O princípio base de qualquer aparelho fotográfico, inclusive das actuais câmaras digitais, é esse princípio da câmara escura... que estranhamente não é muito divulgado, mas que muito provavelmente seria do conhecimento pré-histórico.

Para ilustrar o assunto, usamos as experiências que Abelardo Morell fez recentemente nalguns quartos, com paisagens que são por si esclarecedoras do local onde foram feitas.
Abelardo Morell - Camera Obscura (longa exposição em quartos escuros) 
- quarto no Hotel Frantour em Paris (1999), e quarto no Hotel Loews em Filadélfia (2014).

A questão que se pode colocar, para quem desconhece fotografia, é a de como as paisagens exteriores acabam por ficar tão nitidamente reflectidas no interior das paredes do quarto escuro?
- Bom, esse é o princípio da câmara escura...
... a luz entra dentro da câmara (do quarto) por um pequeno orifício, as imagens aparecem invertidas, e apresentam melhor definição quando o buraco é mais pequeno... tendo por outro lado a desvantagem de que se entrar menos luz, ver-se-à muito pior a imagem exterior. Quando o buraco aumenta de dimensão, ainda que entre mais luz, as imagens acabam por ficar muito mais desfocadas.
No caso das experiências feitas por Abelardo Morell, como ele visou uma grande definição, o orifício deveria ser pouco maior que o buraco de uma agulha, o que implicava tão pouca luz, que as fotos que vemos em cima tiveram entre 5 e 10 horas de exposição.

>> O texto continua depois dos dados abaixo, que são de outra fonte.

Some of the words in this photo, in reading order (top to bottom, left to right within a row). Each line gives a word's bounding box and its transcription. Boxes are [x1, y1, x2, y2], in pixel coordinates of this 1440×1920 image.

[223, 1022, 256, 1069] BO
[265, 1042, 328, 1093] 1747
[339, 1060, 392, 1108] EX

Interessa aqui notar que este tipo de fenómeno é perfeitamente natural e visível em múltiplas situações, não sendo necessária exposição exagerada. A wikipedia tem uma página muito boa sobre a câmara escura, onde é ilustrado um exemplo visível no sótão do castelo de Praga:
Sótão de Castelo em Praga faz câmara escura com imagem do Palácio no exterior. (wikipedia)

Interessa que independentemente de se conseguir registar a imagem numa película, ela seria visível desde tempos imemoriais, especialmente em cavernas.
Por exemplo, na Idade do Gelo, devido ao frio, se os homens tentassem tapar a entrada, um simples buraco nessa cobertura iria provocar o efeito de câmara escura nas paredes da caverna...
Isso permitiria, por outro lado, que as paredes da caverna (próximas do exterior) servissem como telas prontas a uma cópia do desenho projectado naturalmente - ainda que de forma invertida.
Tanto mais, quanto aos pedreiros foi possível com tijolos tornar quartos escuros, e notar que uma pequena abertura de luz permitiria ver o exterior reflectido nas paredes, como uma imagem fotográfica. Assim, tais técnicas estariam ao dispor desde o tempo das primeiras construções.

Portanto, a ideia subjacente à fotografia existia há milénios. Se Platão na Alegoria da Caverna falava em sombras projectadas, o seu discípulo Proclo no Séc. V, comentava o assunto em termos do efeito de reflexão que pode ser visto na câmara escura.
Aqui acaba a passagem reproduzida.